Nos fantômes de guerre
Nos ancêtres agissent-ils dans nos vies à notre insu ? Certains témoignages interrogent... Comment s’affranchir de ces mémoires de guerre et entrevoir un monde en paix pour l’avenir ? La psychogénéalogie, spécialisée dans les loyautés familiales invisibles, nous offre des perspectives de réponses.
Lors d’une conférence autour de son dernier ouvrage "La blessure", le grand reporter de guerre Jean-Baptiste Naudet témoigne d’une présence envahissante, un « fantôme » qui, à son insu, le pousse encore et encore à prendre des risques dans des zones de conflit, parfois même au péril de sa vie et de sa santé mentale. Tant et tant qu’il décide, pour s’en sortir, d’explorer la piste familiale… Il découvre le grand amour caché de sa mère Danièle, un jeune sergent de vingt ans à qui elle était fiancée, et qui fut tué dans le djebel algérien pendant une opération de ratissage en 1960. « La blessure » est celle de cette femme qui ne se remettra jamais de cette disparition, gardant ses lettres et sombrant dans la folie. Un récit poignant, bouleversant, qui soulève des questions essentielles.
Et si, pour d’autres également, cherchait à s’exprimer la mémoire d’ancêtres, de héros de guerre décédés tragiquement et oubliés ? Et si, derrière ces épisodes transgénérationnels, personnels, aux allures extraordinaires, se cachait une autre perspective, celle de la paix, peut-être même collective ?
Un fantôme, vraiment ?
Le terme de fantôme n’est en rien une fantaisie littéraire, ou un personnage réservé aux enfants, mais un terme qui va de pair avec un phénomène particulier, celui d’être hanté littéralement et dépossédé de son libre arbitre.

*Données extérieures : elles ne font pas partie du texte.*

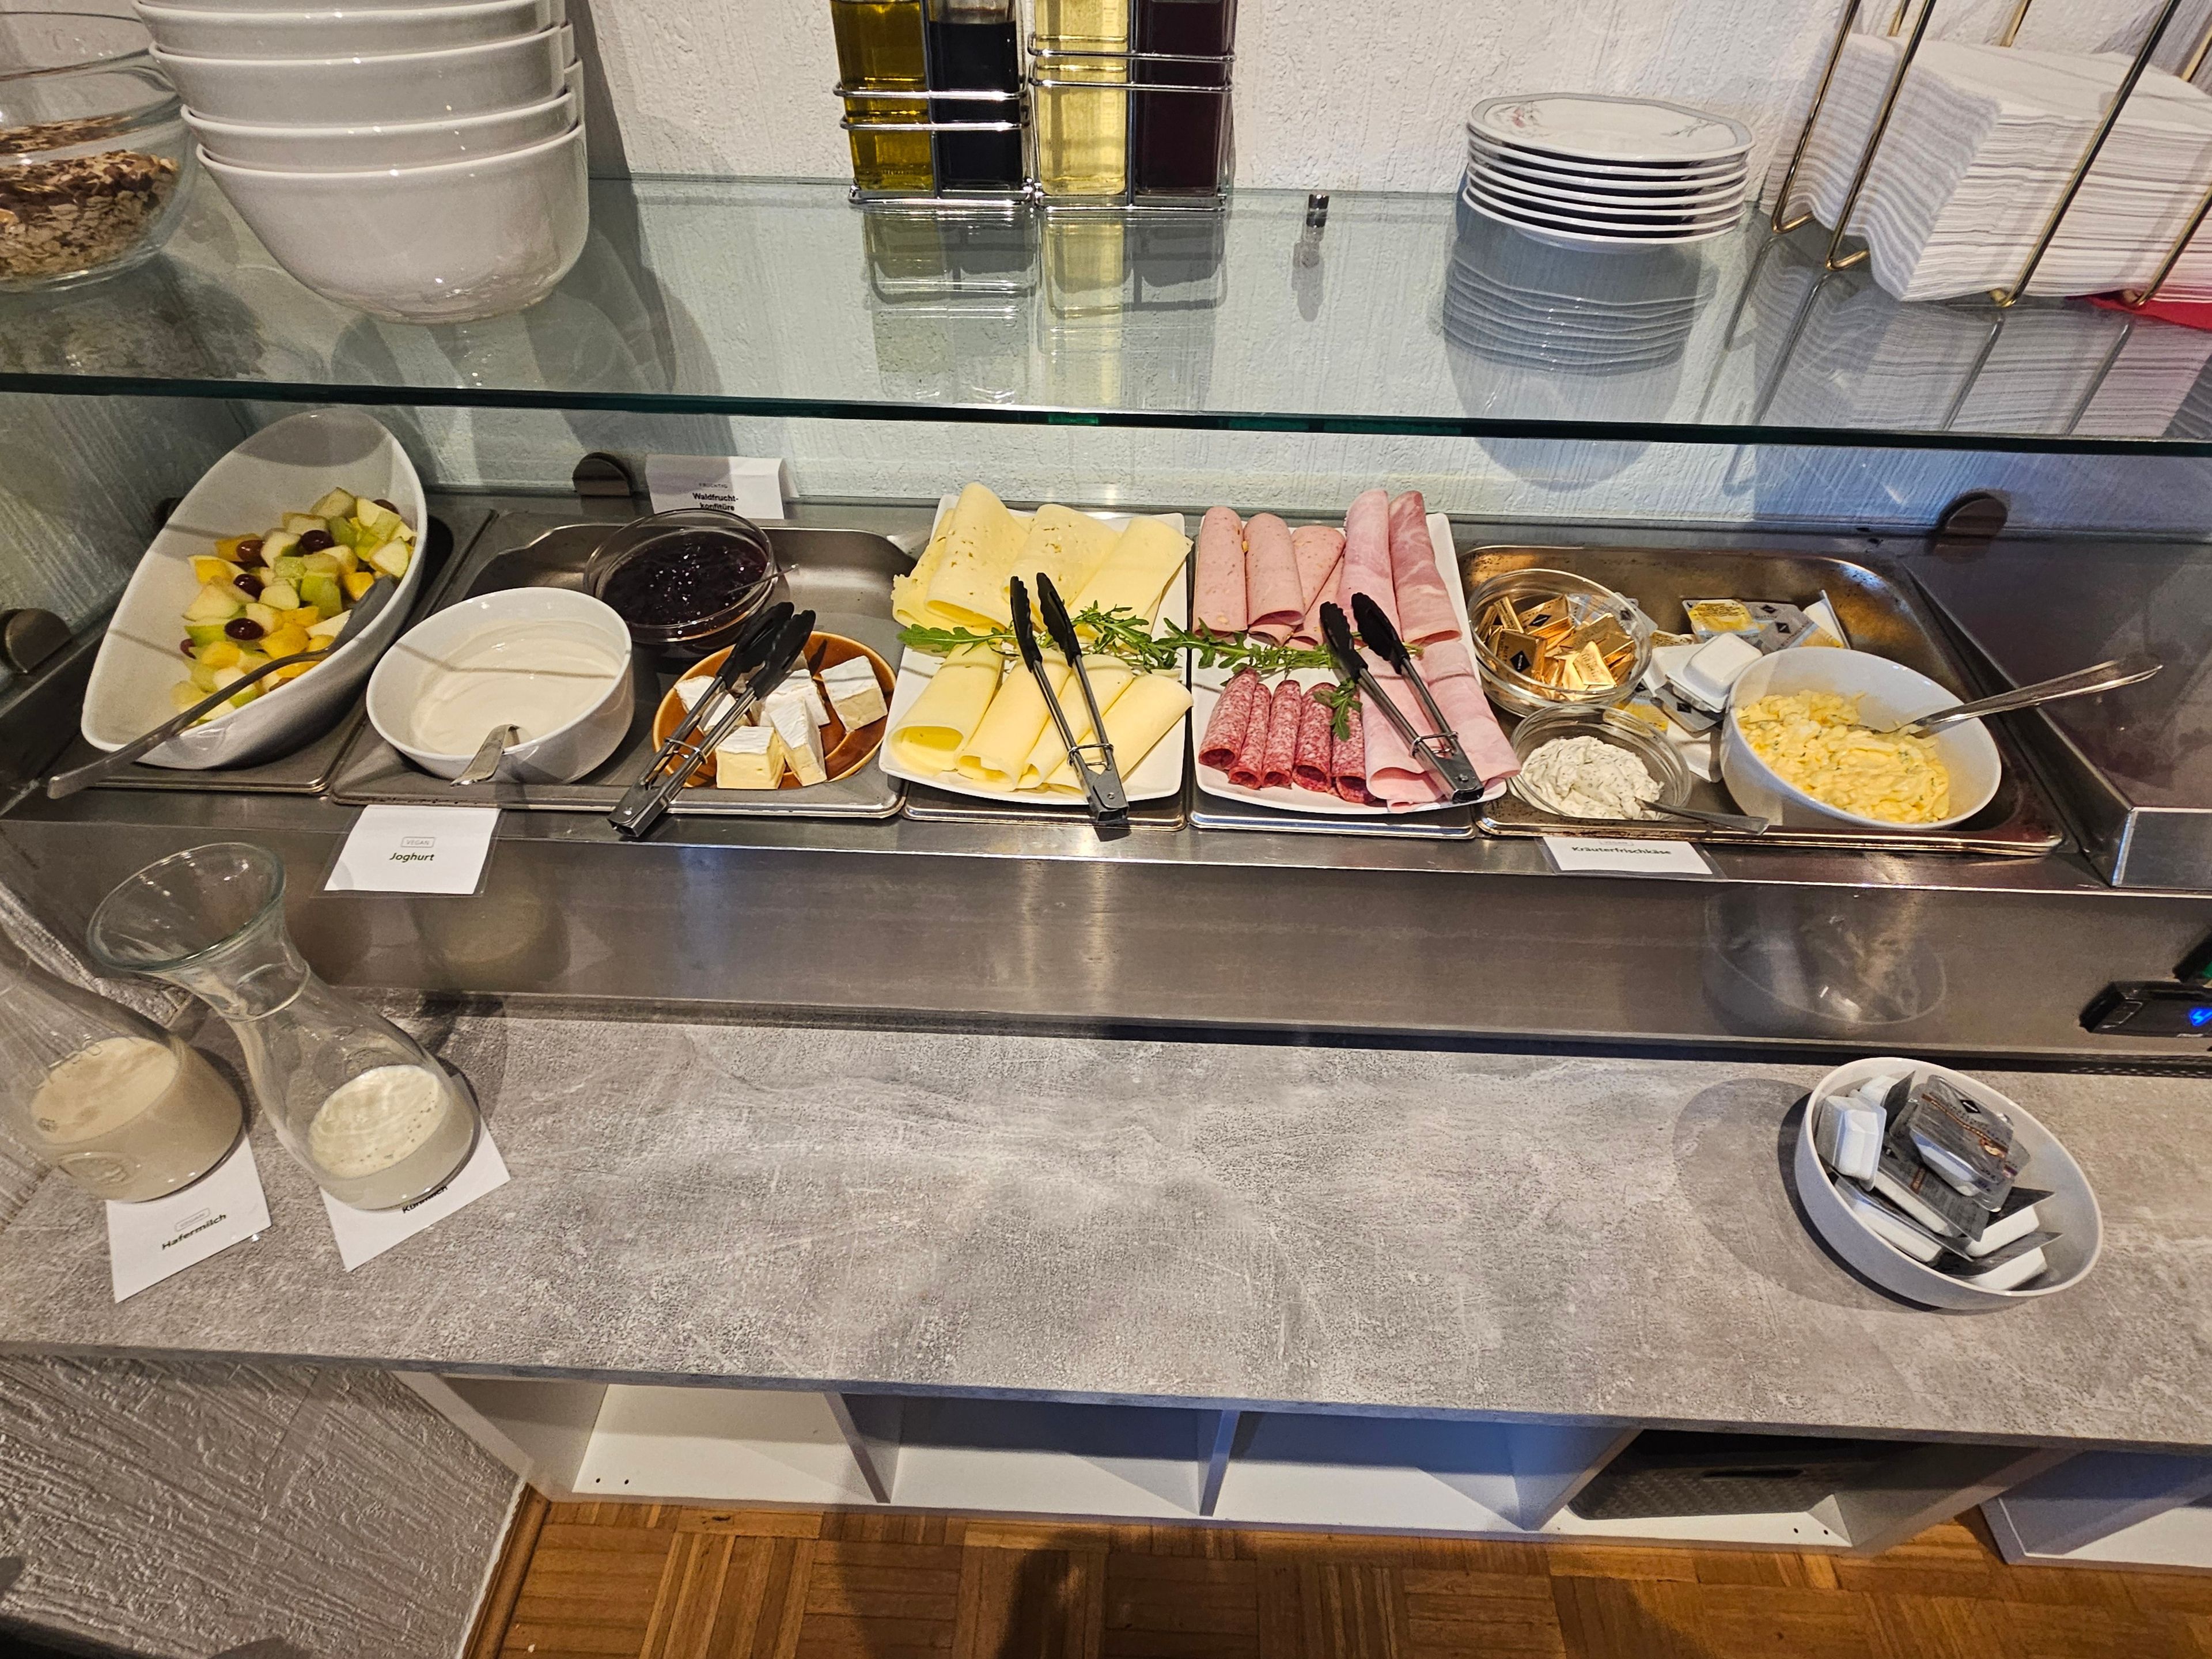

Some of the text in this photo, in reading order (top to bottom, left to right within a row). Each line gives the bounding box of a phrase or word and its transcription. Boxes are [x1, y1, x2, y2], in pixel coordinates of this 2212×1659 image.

[692, 493, 739, 502] Waldfrucht-
[699, 502, 735, 511] konfitüre
[1571, 846, 1672, 855] Kräuterfrischkäse
[389, 852, 435, 863] Joghurt
[162, 1214, 226, 1251] Hafermilch

Un phénomène mis au jour par la psychogénéalogie, dans les années 1970, par Nicolas Abraham et Maria Torok. De quoi s’agit-il ? « Le non-dit transgénérationnel, que l’on appelle un fantôme, est en relation avec un traumatisme qui n’a pas pu être élaboré en son temps, pour différentes raisons », répond le psychanalyste transgénérationnel Bruno Clavier. « Toutefois, le traumatisme seul ne fait pas le fantôme... Mais le secret, l’absence de pensée, la sidération qui l’accompagnent, créent une injonction pour les générations suivantes », ajoute-t-il. Il y a alors une sorte d’expulsion de l’émotionnel lié au traumatisme, qui va être repris par un descendant, dont la tâche inconsciente consiste à l’élaborer, pour « libérer » ce fantôme... et la lignée.

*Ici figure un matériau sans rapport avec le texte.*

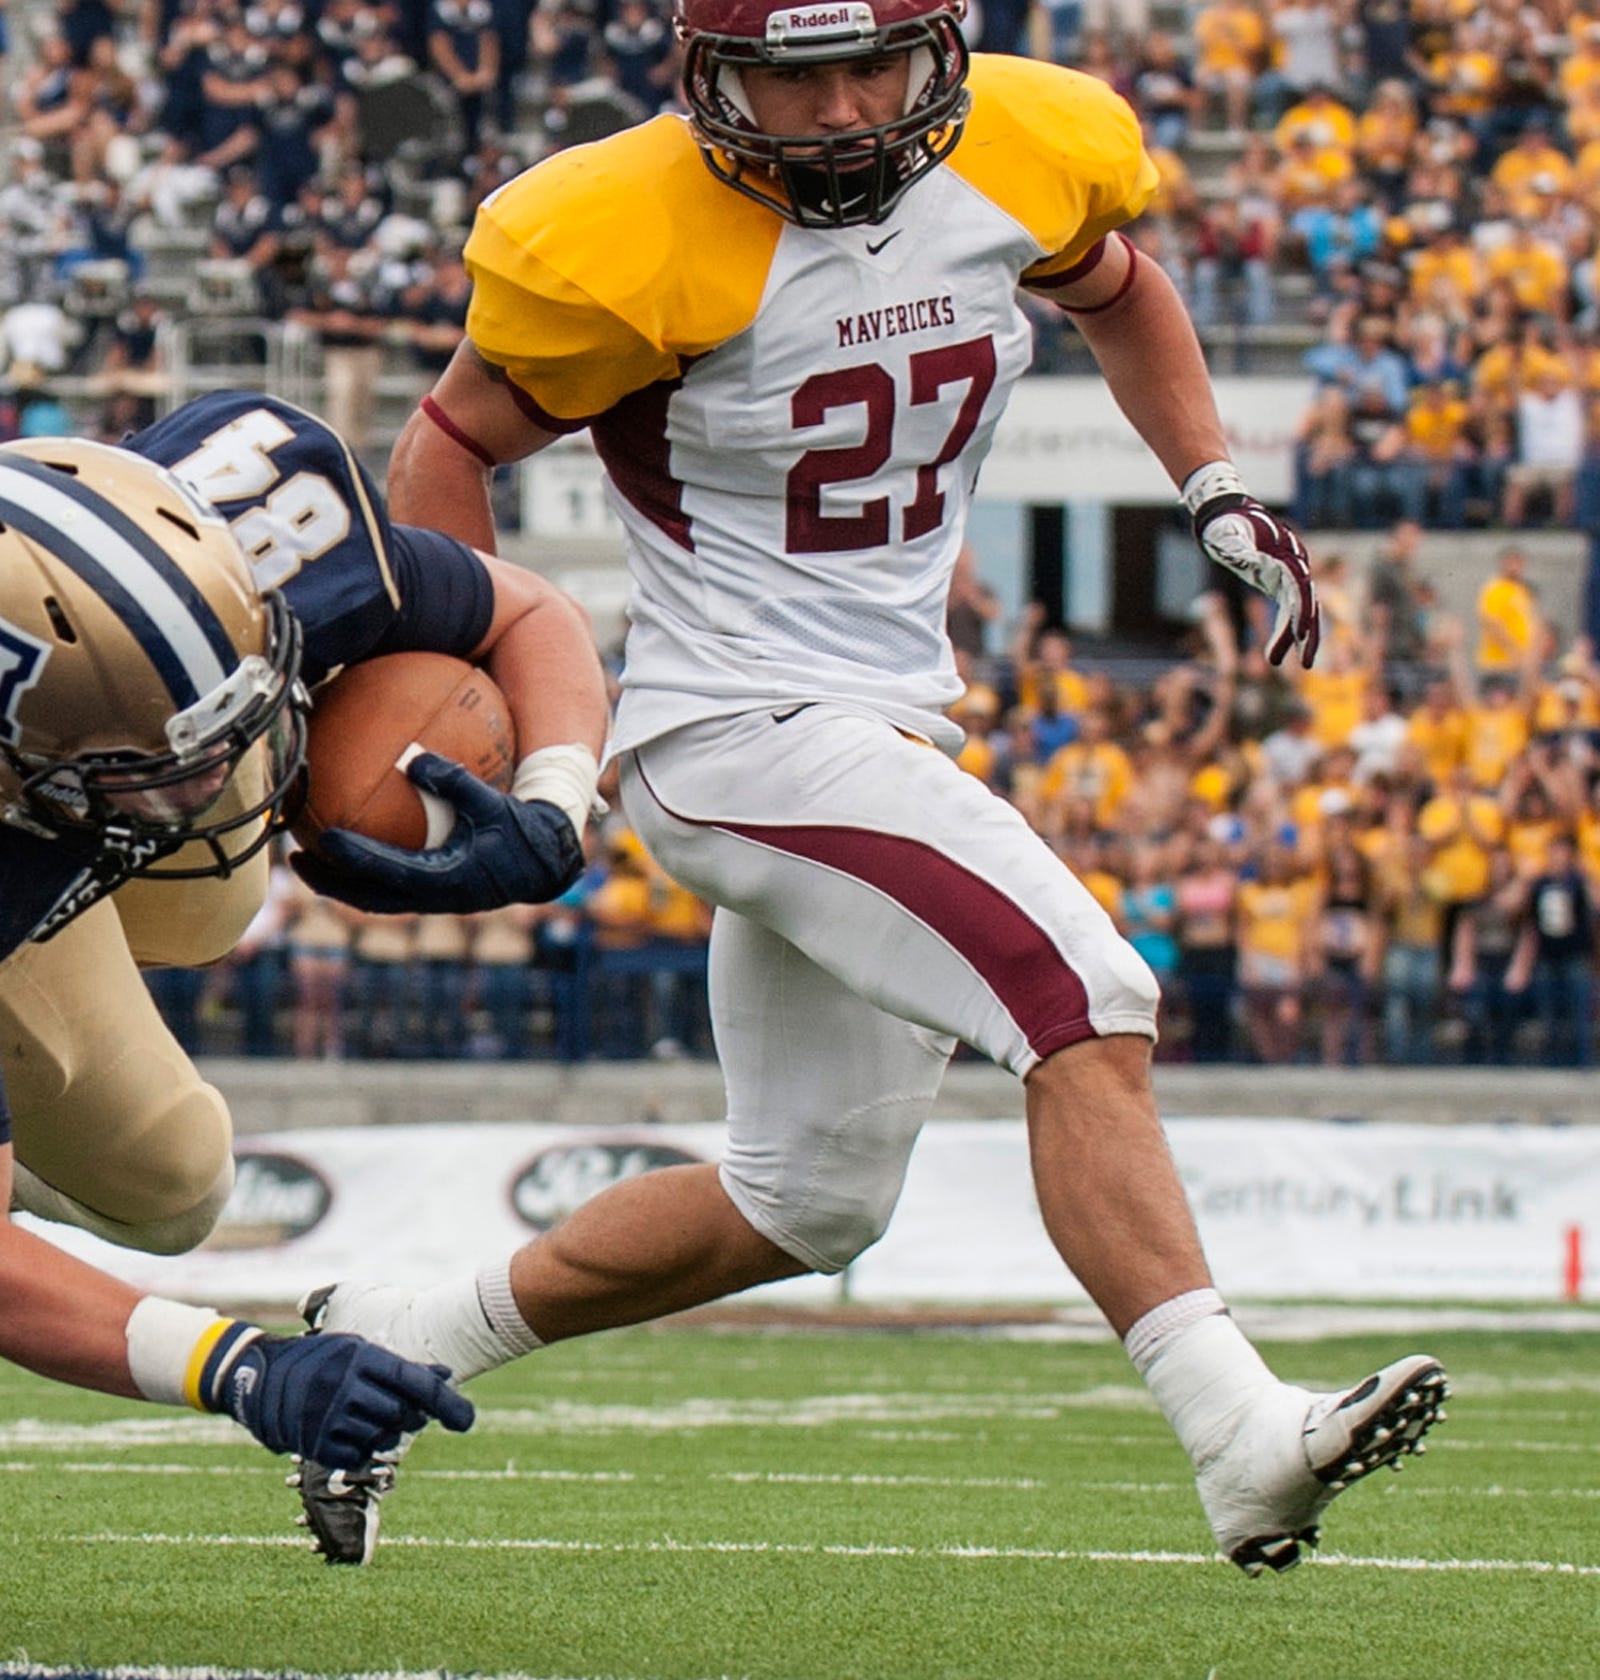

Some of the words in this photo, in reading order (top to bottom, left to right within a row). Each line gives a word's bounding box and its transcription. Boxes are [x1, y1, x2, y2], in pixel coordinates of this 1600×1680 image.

[790, 8, 849, 28] Riddell
[836, 295, 955, 348] MAVERICKS
[785, 333, 997, 554] 27
[167, 408, 351, 593] 84
[1184, 1167, 1521, 1227] enturyLink

Les fantômes de guerre ont été largement évoqués par la fondatrice de la psychogénéalogie Anne Ancelin Schützenberger, principalement sur le plan de la santé. Son cas traité le plus célèbre est celui de Camille, qui tousse tout le temps ; la manière dont elle en parle fait penser à une « loyauté familiale invisible » liée à un événement tragique. Forte de son expérience des symptômes post-traumatiques de guerre, la thérapeute vérifie une série d’hypothèses historiques possibles et remonte la piste. C’est seulement à la lumière de croisements complexes entre différents événements ayant trait à la Seconde Guerre mondiale et l’occupation allemande que surgit le maillon psychogénéalogique : un grand-père asthmatique, décédé dans un sous-marin, en poste avec le grand-père, héros de guerre oublié, du compagnon de Camille ! Comme si leur rencontre avait été le déclic pour faire resurgir la mémoire de guerre de leurs deux ancêtres. Difficile à croire, et pourtant !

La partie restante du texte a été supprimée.